--- Source material ---
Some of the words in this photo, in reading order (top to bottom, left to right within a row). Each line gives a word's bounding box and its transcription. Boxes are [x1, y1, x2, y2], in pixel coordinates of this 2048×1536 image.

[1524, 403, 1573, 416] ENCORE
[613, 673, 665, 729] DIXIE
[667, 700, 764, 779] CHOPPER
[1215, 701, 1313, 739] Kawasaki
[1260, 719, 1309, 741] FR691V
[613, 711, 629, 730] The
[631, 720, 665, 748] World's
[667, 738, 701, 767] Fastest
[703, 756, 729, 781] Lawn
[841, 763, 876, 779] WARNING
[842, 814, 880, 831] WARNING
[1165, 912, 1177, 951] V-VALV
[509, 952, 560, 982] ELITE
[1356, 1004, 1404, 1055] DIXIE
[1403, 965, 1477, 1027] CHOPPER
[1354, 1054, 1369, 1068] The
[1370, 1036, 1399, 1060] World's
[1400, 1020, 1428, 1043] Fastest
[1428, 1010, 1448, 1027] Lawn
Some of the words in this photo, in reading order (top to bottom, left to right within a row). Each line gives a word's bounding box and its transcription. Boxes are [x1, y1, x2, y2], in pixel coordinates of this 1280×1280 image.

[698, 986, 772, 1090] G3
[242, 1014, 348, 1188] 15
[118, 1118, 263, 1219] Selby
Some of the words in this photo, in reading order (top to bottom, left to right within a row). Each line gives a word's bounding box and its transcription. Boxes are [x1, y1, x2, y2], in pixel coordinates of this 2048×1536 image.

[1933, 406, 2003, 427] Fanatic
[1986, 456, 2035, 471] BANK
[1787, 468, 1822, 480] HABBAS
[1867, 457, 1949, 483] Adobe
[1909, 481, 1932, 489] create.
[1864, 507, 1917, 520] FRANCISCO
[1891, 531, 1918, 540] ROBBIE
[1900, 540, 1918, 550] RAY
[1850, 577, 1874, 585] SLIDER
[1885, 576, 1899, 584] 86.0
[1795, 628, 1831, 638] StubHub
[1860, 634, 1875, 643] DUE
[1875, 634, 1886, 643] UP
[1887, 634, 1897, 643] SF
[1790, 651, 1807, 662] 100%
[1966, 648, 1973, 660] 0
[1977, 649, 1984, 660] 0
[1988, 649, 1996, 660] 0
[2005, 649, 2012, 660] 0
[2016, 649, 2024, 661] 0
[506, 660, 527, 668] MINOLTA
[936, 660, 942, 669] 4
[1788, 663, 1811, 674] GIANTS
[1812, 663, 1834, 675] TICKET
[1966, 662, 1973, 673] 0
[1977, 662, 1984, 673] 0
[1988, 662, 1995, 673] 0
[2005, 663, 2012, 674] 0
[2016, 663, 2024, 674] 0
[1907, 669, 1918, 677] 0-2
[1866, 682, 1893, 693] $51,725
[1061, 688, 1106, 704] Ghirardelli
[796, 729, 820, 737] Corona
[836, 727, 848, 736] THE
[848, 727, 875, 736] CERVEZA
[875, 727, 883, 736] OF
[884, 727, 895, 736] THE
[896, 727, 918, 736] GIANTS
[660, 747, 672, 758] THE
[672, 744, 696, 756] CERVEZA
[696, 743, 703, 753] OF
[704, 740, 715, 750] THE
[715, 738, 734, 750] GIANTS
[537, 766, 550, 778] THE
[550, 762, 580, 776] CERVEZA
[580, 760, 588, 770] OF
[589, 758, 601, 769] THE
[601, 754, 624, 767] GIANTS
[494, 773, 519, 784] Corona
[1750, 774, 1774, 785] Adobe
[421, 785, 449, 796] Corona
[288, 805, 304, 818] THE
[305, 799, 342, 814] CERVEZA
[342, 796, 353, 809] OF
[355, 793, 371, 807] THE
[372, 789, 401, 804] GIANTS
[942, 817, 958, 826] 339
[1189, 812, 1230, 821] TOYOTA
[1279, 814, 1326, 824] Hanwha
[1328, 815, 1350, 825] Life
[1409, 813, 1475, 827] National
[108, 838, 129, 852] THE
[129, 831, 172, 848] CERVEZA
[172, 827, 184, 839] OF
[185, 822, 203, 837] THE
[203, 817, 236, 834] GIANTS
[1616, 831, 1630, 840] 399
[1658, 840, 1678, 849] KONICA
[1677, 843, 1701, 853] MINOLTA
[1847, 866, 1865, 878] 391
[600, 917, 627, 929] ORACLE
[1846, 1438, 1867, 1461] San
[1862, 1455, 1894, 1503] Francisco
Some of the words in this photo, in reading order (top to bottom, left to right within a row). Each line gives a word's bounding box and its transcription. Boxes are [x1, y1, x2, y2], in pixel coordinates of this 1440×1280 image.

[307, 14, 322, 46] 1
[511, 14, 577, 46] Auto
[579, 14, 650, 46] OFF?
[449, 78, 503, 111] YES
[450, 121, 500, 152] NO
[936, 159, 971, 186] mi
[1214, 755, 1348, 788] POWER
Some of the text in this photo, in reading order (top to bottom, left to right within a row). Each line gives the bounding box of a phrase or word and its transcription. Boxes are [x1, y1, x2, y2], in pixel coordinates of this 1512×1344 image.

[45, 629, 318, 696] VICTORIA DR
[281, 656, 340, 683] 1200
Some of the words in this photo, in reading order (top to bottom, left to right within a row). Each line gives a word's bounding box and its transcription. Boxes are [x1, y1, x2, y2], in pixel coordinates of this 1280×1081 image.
---
▶ [Your task]:
The full listing is to be copied verbatim.

▶ [Solution to this problem]:
Some of the words in this photo, in reading order (top to bottom, left to right within a row). Each line gives a word's bounding box and its transcription. Boxes are [x1, y1, x2, y2], in pixel coordinates of this 2048×1536 image.

[1524, 403, 1573, 416] ENCORE
[613, 673, 665, 729] DIXIE
[667, 700, 764, 779] CHOPPER
[1215, 701, 1313, 739] Kawasaki
[1260, 719, 1309, 741] FR691V
[613, 711, 629, 730] The
[631, 720, 665, 748] World's
[667, 738, 701, 767] Fastest
[703, 756, 729, 781] Lawn
[841, 763, 876, 779] WARNING
[842, 814, 880, 831] WARNING
[1165, 912, 1177, 951] V-VALV
[509, 952, 560, 982] ELITE
[1356, 1004, 1404, 1055] DIXIE
[1403, 965, 1477, 1027] CHOPPER
[1354, 1054, 1369, 1068] The
[1370, 1036, 1399, 1060] World's
[1400, 1020, 1428, 1043] Fastest
[1428, 1010, 1448, 1027] Lawn
Some of the words in this photo, in reading order (top to bottom, left to right within a row). Each line gives a word's bounding box and its transcription. Boxes are [x1, y1, x2, y2], in pixel coordinates of this 1280×1280 image.

[698, 986, 772, 1090] G3
[242, 1014, 348, 1188] 15
[118, 1118, 263, 1219] Selby
Some of the words in this photo, in reading order (top to bottom, left to right within a row). Each line gives a word's bounding box and its transcription. Boxes are [x1, y1, x2, y2], in pixel coordinates of this 2048×1536 image.

[1933, 406, 2003, 427] Fanatic
[1986, 456, 2035, 471] BANK
[1787, 468, 1822, 480] HABBAS
[1867, 457, 1949, 483] Adobe
[1909, 481, 1932, 489] create.
[1864, 507, 1917, 520] FRANCISCO
[1891, 531, 1918, 540] ROBBIE
[1900, 540, 1918, 550] RAY
[1850, 577, 1874, 585] SLIDER
[1885, 576, 1899, 584] 86.0
[1795, 628, 1831, 638] StubHub
[1860, 634, 1875, 643] DUE
[1875, 634, 1886, 643] UP
[1887, 634, 1897, 643] SF
[1790, 651, 1807, 662] 100%
[1966, 648, 1973, 660] 0
[1977, 649, 1984, 660] 0
[1988, 649, 1996, 660] 0
[2005, 649, 2012, 660] 0
[2016, 649, 2024, 661] 0
[506, 660, 527, 668] MINOLTA
[936, 660, 942, 669] 4
[1788, 663, 1811, 674] GIANTS
[1812, 663, 1834, 675] TICKET
[1966, 662, 1973, 673] 0
[1977, 662, 1984, 673] 0
[1988, 662, 1995, 673] 0
[2005, 663, 2012, 674] 0
[2016, 663, 2024, 674] 0
[1907, 669, 1918, 677] 0-2
[1866, 682, 1893, 693] $51,725
[1061, 688, 1106, 704] Ghirardelli
[796, 729, 820, 737] Corona
[836, 727, 848, 736] THE
[848, 727, 875, 736] CERVEZA
[875, 727, 883, 736] OF
[884, 727, 895, 736] THE
[896, 727, 918, 736] GIANTS
[660, 747, 672, 758] THE
[672, 744, 696, 756] CERVEZA
[696, 743, 703, 753] OF
[704, 740, 715, 750] THE
[715, 738, 734, 750] GIANTS
[537, 766, 550, 778] THE
[550, 762, 580, 776] CERVEZA
[580, 760, 588, 770] OF
[589, 758, 601, 769] THE
[601, 754, 624, 767] GIANTS
[494, 773, 519, 784] Corona
[1750, 774, 1774, 785] Adobe
[421, 785, 449, 796] Corona
[288, 805, 304, 818] THE
[305, 799, 342, 814] CERVEZA
[342, 796, 353, 809] OF
[355, 793, 371, 807] THE
[372, 789, 401, 804] GIANTS
[942, 817, 958, 826] 339
[1189, 812, 1230, 821] TOYOTA
[1279, 814, 1326, 824] Hanwha
[1328, 815, 1350, 825] Life
[1409, 813, 1475, 827] National
[108, 838, 129, 852] THE
[129, 831, 172, 848] CERVEZA
[172, 827, 184, 839] OF
[185, 822, 203, 837] THE
[203, 817, 236, 834] GIANTS
[1616, 831, 1630, 840] 399
[1658, 840, 1678, 849] KONICA
[1677, 843, 1701, 853] MINOLTA
[1847, 866, 1865, 878] 391
[600, 917, 627, 929] ORACLE
[1846, 1438, 1867, 1461] San
[1862, 1455, 1894, 1503] Francisco
Some of the words in this photo, in reading order (top to bottom, left to right within a row). Each line gives a word's bounding box and its transcription. Boxes are [x1, y1, x2, y2], in pixel coordinates of this 1440×1280 image.

[307, 14, 322, 46] 1
[511, 14, 577, 46] Auto
[579, 14, 650, 46] OFF?
[449, 78, 503, 111] YES
[450, 121, 500, 152] NO
[936, 159, 971, 186] mi
[1214, 755, 1348, 788] POWER
Some of the text in this photo, in reading order (top to bottom, left to right within a row). Each line gives the bounding box of a phrase or word and its transcription. Boxes are [x1, y1, x2, y2], in pixel coordinates of this 1512×1344 image.

[45, 629, 318, 696] VICTORIA DR
[281, 656, 340, 683] 1200
Some of the words in this photo, in reading order (top to bottom, left to right within a row). Each line gives a word's bounding box and its transcription. Boxes are [x1, y1, x2, y2], in pixel coordinates of this 1280×1081 image.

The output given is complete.